B.A. in chemistry, 1964
Wabash College

M.S. in chemistry, 1965
University of Illinois

Ph.D. in biochemistry, 1969
University of Washington


Carnegie Institution of Washington, 1969–1971


Assistant Professor, 1971–1975
Associate Professor, 1975–1976
Professor, 1976–1982
Washington University School of Medicine

Professor, 1982–
The Rockefeller University


National Academy of Sciences U.S. Steel Award, 1986

Louisa Gross Horwitz Prize, 1999

Alfred P. Sloan Prize, General Motors Cancer Research Foundation, 1999

Canada Gairdner International Award, 2000

ASBMB-Merck Award, 2002

Albert Lasker Basic Medical Research Award, 2003

Salk Institute Medal for Research Excellence, 2010

Albany Medical Center Prize, 2012


National Academy of Sciences
American Academy of Arts and Sciences
Fellow, American Association for the Advancement of Science


Iida, S. et al. PRDM16 enhances nuclear receptor-dependent transcription of the brown fat-specific Ucp1 gene through interactions with Mediator subunit MED1. Genes Dev. 29, 308–321 (2015).

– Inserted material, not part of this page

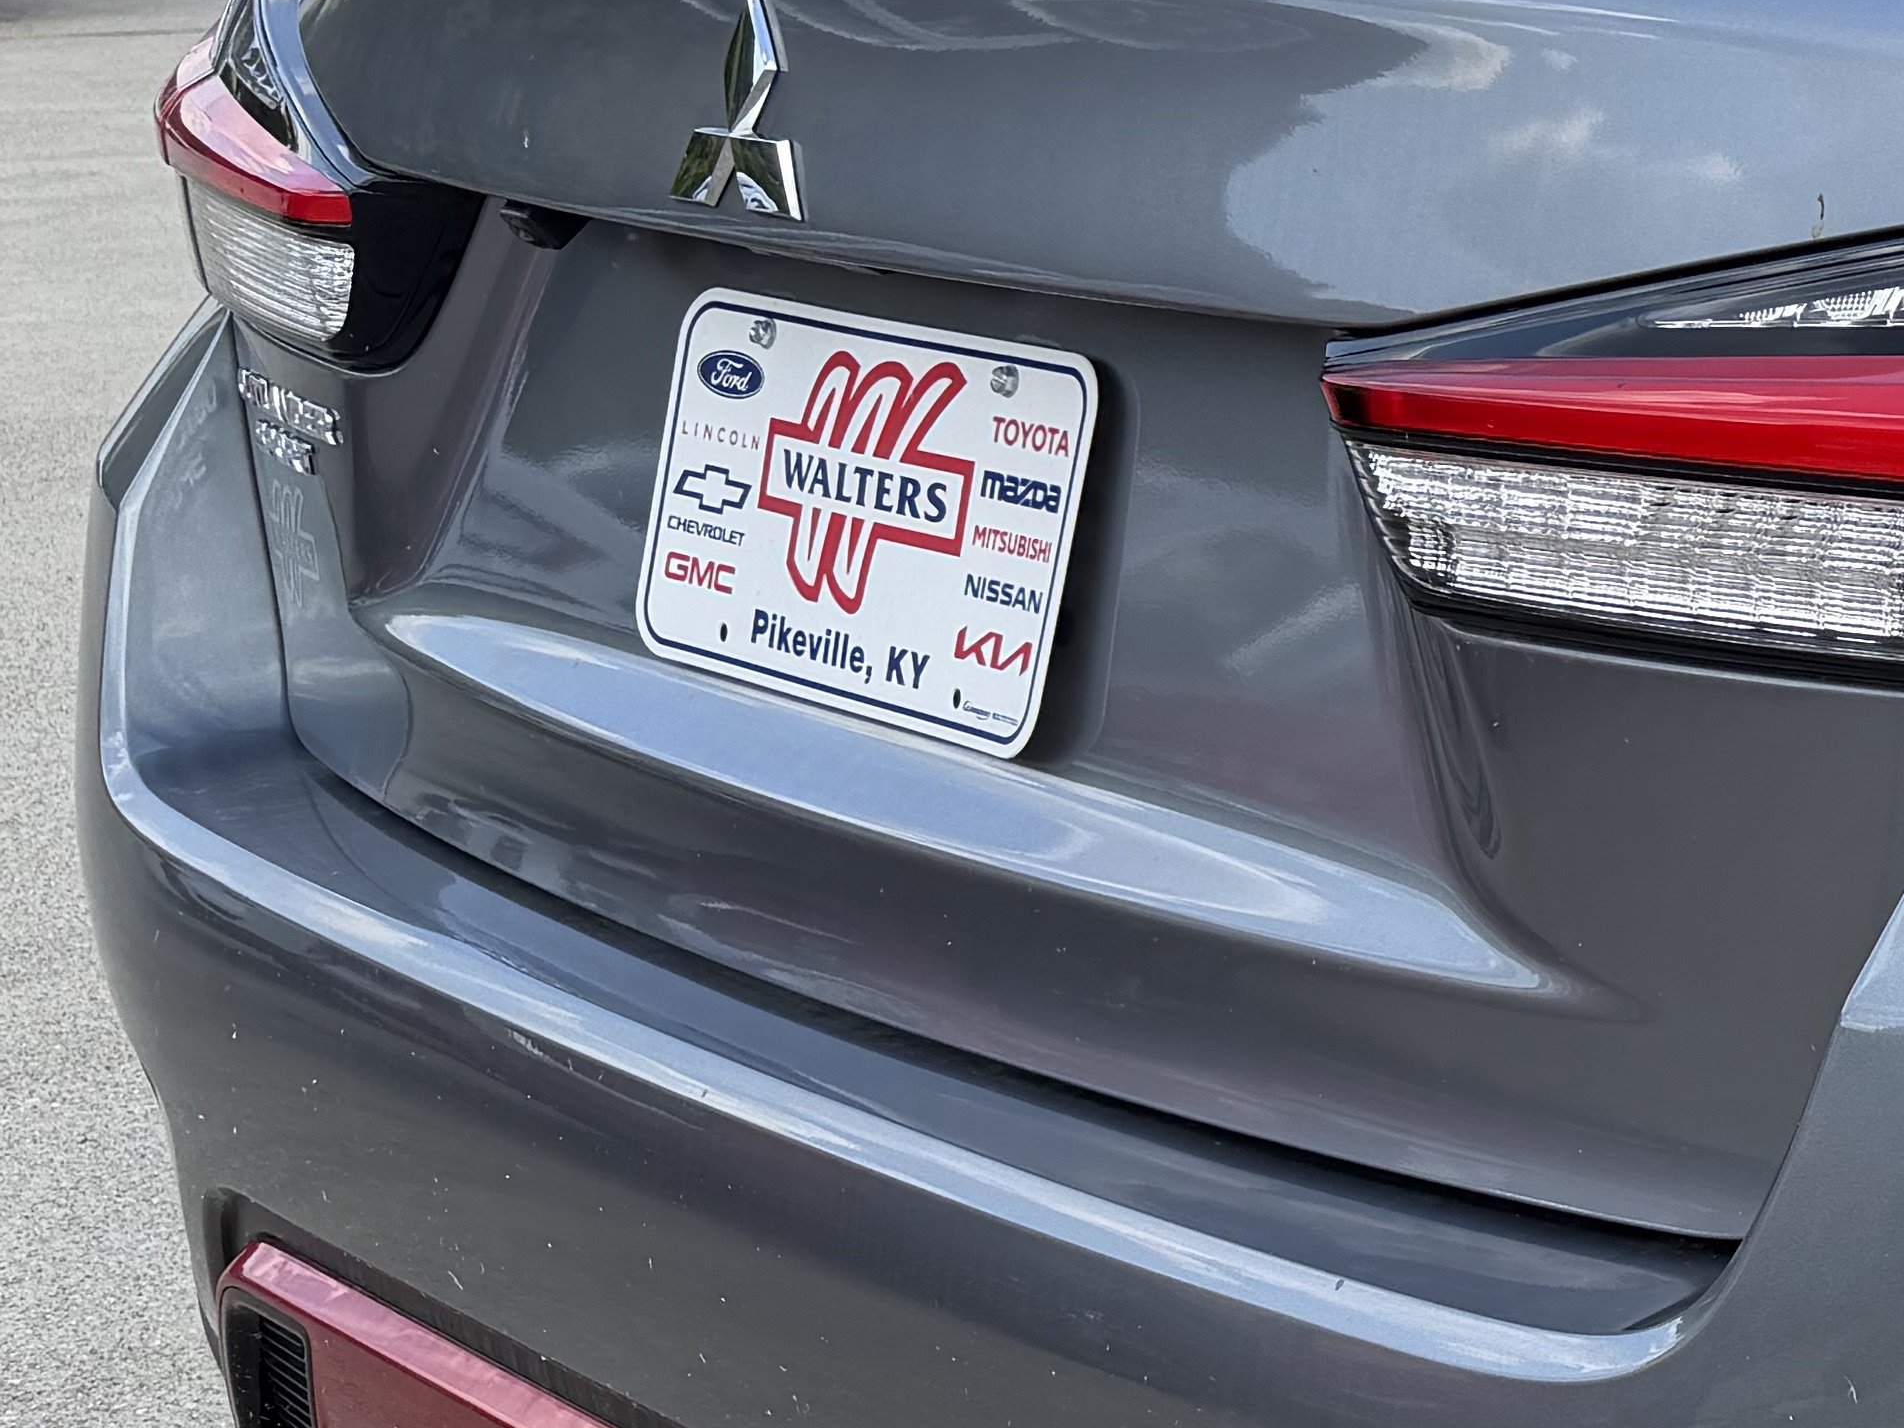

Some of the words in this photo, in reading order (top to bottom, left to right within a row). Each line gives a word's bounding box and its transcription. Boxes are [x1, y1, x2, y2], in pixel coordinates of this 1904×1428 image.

Cevher, M.A. et al. Reconstitution of active human core Mediator complex reveals a critical role of the MED14 subunit. Nat. Struct. Mol. Biol. 21, 1028–1034 (2014).

Tang, Z. et al. SET1 and p300 act synergistically, through coupled histone modifications, in transcriptional activation by p53. Cell 154, 297–310 (2013).

Sun, X.J. et al. A stable transcription factor complex nucleated by oligomeric AML1-ETO controls leukaemogenesis. Nature 500, 93-97 (2013).

Chen, W. et al. A muscle-specific knockout implicates nuclear receptor coactivator MED1 in the regulation of glucose and energy metabolism. Proc. Natl. Acad. Sci. U.S.A. 107, 10196–10201 (2010).

Dr. Roeder is a faculty member in the David Rockefeller Graduate Program and the Tri-Institutional M.D.-Ph.D. Program.